I was privileged to receive an advanced reading copy of WOTF 31, the annual anthology for the best literary contest in the country. These anthologies are a joy to read each year, and each year I find myself marveling over the wonderful stories, re-reading various passages and generally feeling grateful to see there are so many diverse and talented writers out there.
The first story, Switch by Steve Pantazis, is a fascinating, cautionary tale where the future includes Mindnet, or “Internet of the Mind” made possible by a temporal lobe implant that connects people to banks, retailers, social networks and everything else. Enter into this world a new drug called “Switch” and a cop investigating a homicide, and you’ll discover firsthand why The Writers of the Future contest is acclaimed for discovering new talent. Author Pantazis has written a first-rate science fiction thriller.

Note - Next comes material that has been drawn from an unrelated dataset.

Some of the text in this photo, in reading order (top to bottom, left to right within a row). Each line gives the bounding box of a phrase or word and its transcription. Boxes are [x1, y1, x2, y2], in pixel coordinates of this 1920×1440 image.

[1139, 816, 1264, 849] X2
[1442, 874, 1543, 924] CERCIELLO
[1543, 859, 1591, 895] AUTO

The God Whisperer by Daniel J. Davis is a satirical and humorous play on those misbehaving pets we all have. In this case, Jack is troubled by Zu’ar, a pint sized war god. He calls in a “God Whisperer” to straighten things out. The God Whisperer is a fun, short tale. Next was Stars That Make Dark Heaven Light by Sharon Joss. This outstanding tale is about Ettie on Hesperide with cartilage instead of bones which necessitates that she spends at least six hours of day in sunlight. When she learns that lapid, the small alien insect sized creature she is raising, can communicate with her the results will leave you flipping the pages. Another great science fiction tale and typical of the high quality this anthology offers.

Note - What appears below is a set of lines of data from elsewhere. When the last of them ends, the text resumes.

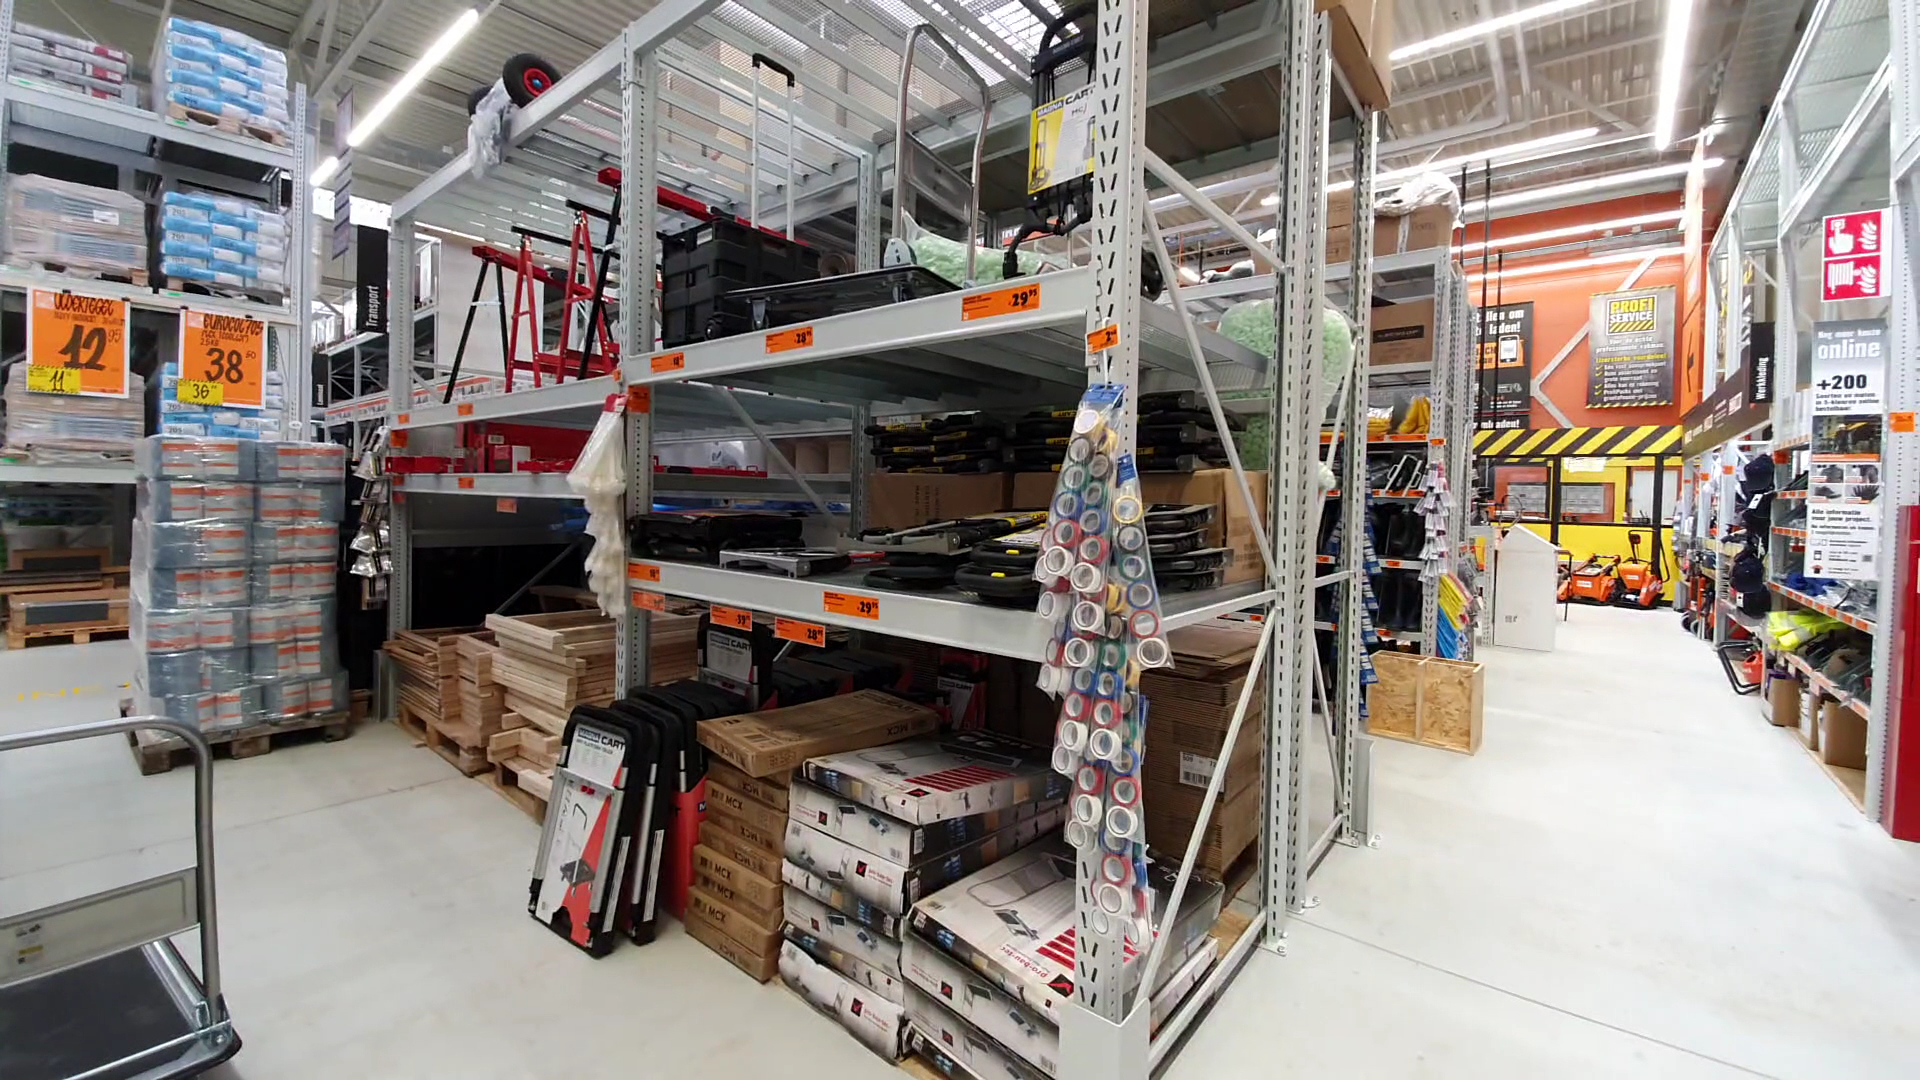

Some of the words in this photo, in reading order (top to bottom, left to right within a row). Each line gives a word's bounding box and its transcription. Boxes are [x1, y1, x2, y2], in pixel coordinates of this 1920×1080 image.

[366, 285, 380, 326] Transport
[1012, 291, 1028, 307] 29
[1611, 297, 1653, 315] PROFI
[1509, 309, 1524, 320] om
[1610, 311, 1653, 324] SERVICE
[108, 329, 121, 342] 95
[796, 332, 806, 345] 28
[59, 324, 107, 371] 12
[1817, 338, 1880, 360] online
[205, 348, 243, 384] 38
[49, 370, 65, 392] 11
[1816, 374, 1868, 391] +200
[860, 601, 872, 614] 29
[807, 628, 818, 641] 28
[601, 735, 626, 751] CART
[725, 794, 743, 811] MCX
[740, 825, 758, 842] MCX
[714, 863, 732, 880] MCX
[716, 883, 735, 900] MCX
[708, 905, 726, 923] MCX
[999, 946, 1049, 979] pro-bau-tec

In A Revolutionary’s Guide to Practical Conjuration by Auston Habershaw we meet Abe who negotiates possession of a sorcery book from a black marketer, he gets more than he bargained for. A gritty but fun tale. Twelve Minutes to Vinh Quang by Tim Napper a taut, short thriller wherein a smuggler is nearly caught by the sloppy handiwork of an associate. Another hardboiled story that immediately held my attention. In Planar Ghosts by Krystal Claxton you will ask yourself is the ghost real? In this futuristic tale Pup travels with Ghost who is “see-through in places and seems to glow without casting any light or shadow. She is a faint purple, like butterflybush blossoms, and her long hair floats about her as though she is always being caught in the beginning of a breeze.” (p. 195) A great story, and one of the several stand-out tales included here.

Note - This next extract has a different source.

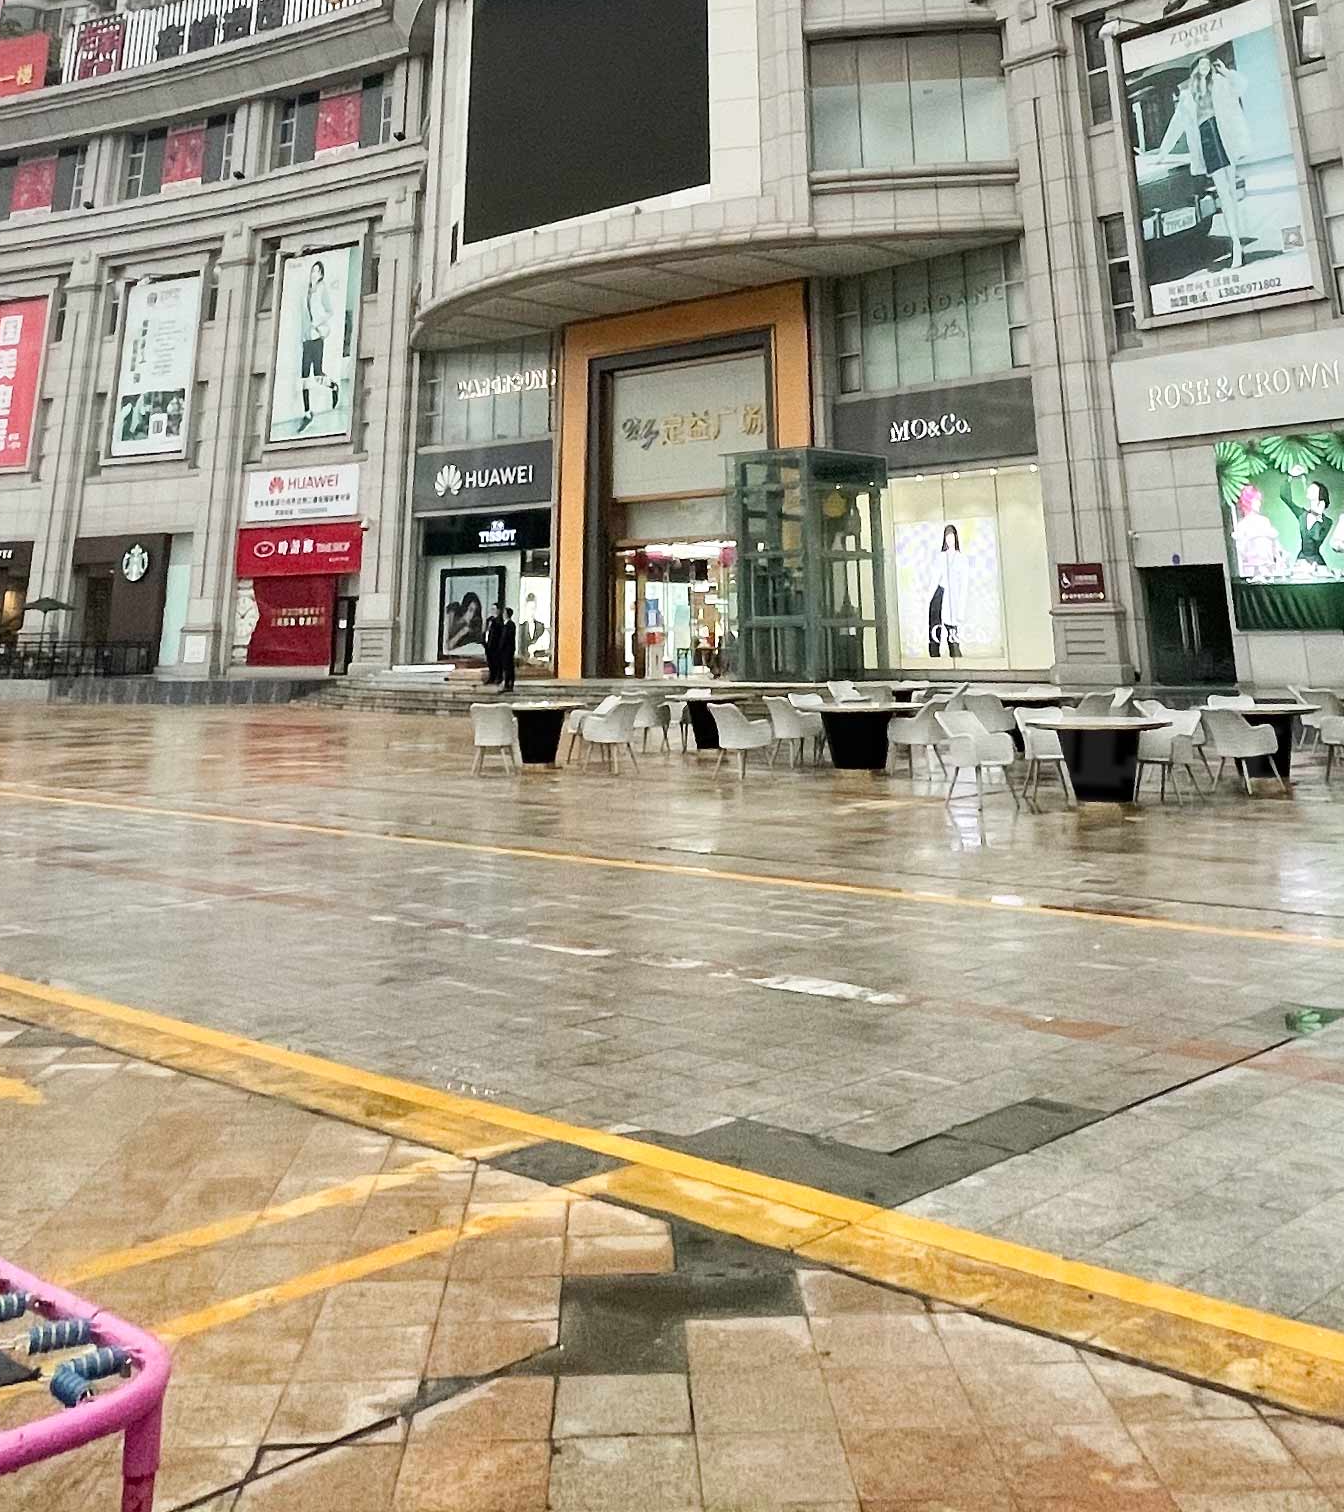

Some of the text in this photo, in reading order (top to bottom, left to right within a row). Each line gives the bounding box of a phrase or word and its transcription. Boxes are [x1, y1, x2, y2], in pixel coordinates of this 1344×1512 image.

Between Screens by Zach Chapman is a tight and compelling piece about some students and the world they live in, while Unrefined by Martin L. Shoemaker is a traditional tale that tackles the idea of responsibility in leadership. Both Between Screens and Unrefined are a study in contrasts. Their uniqueness and differences in their approach to storytelling are yet another reason why I enjoy this anthology every year. Half Past by Samantha Murray is stylistically far removed from the hardcore science fiction that precedes it. This refreshing, magical tale is beautifully written and thought-provoking, which the best stories always are. Then we have Purposes Made for Alien Minds by Scott R. Parkin, another edgy sci-fi story that is the hallmark of the WOTF series. That brings us to The Graver by Amy M. Hughes, an emotionally charged fantasy that holds its own against so many stalwart tales; and then Wisteria Melancholy by Michael T. Banker, a finely wrought exploration of human nature.
Poseidon’s Eyes by Kary English is the final story, and another great one. The WOTF anthologies are now published in trade paperback with color plates of the award winning illustrations. The illustrations will leave you breathless. This year the winning illustrators are Alex Brock, Amit Dutta, Megan Kelchner, Tung Chi Lee, Shuangjian Liu, Michelle Lockamy, Bernardo Mota, Megen Nelson, Greg Opalinski, Taylor Payton, Quinlan Septer, Emily Siu, Trevor Smith, Daniel Tyka and Choong Yoon. Included are several stories by such veteran writers as L. Ron Hubbard, Larry Niven, Kevin J. Anderson, Rebecca Moesta. Add to this mix of great stories some insightful essays on the creative process by Hubbard, Orson Scott Card and Bob Eggleton and WOTF 31 will keep you reading late into the night. This year the book was edited by David Farland.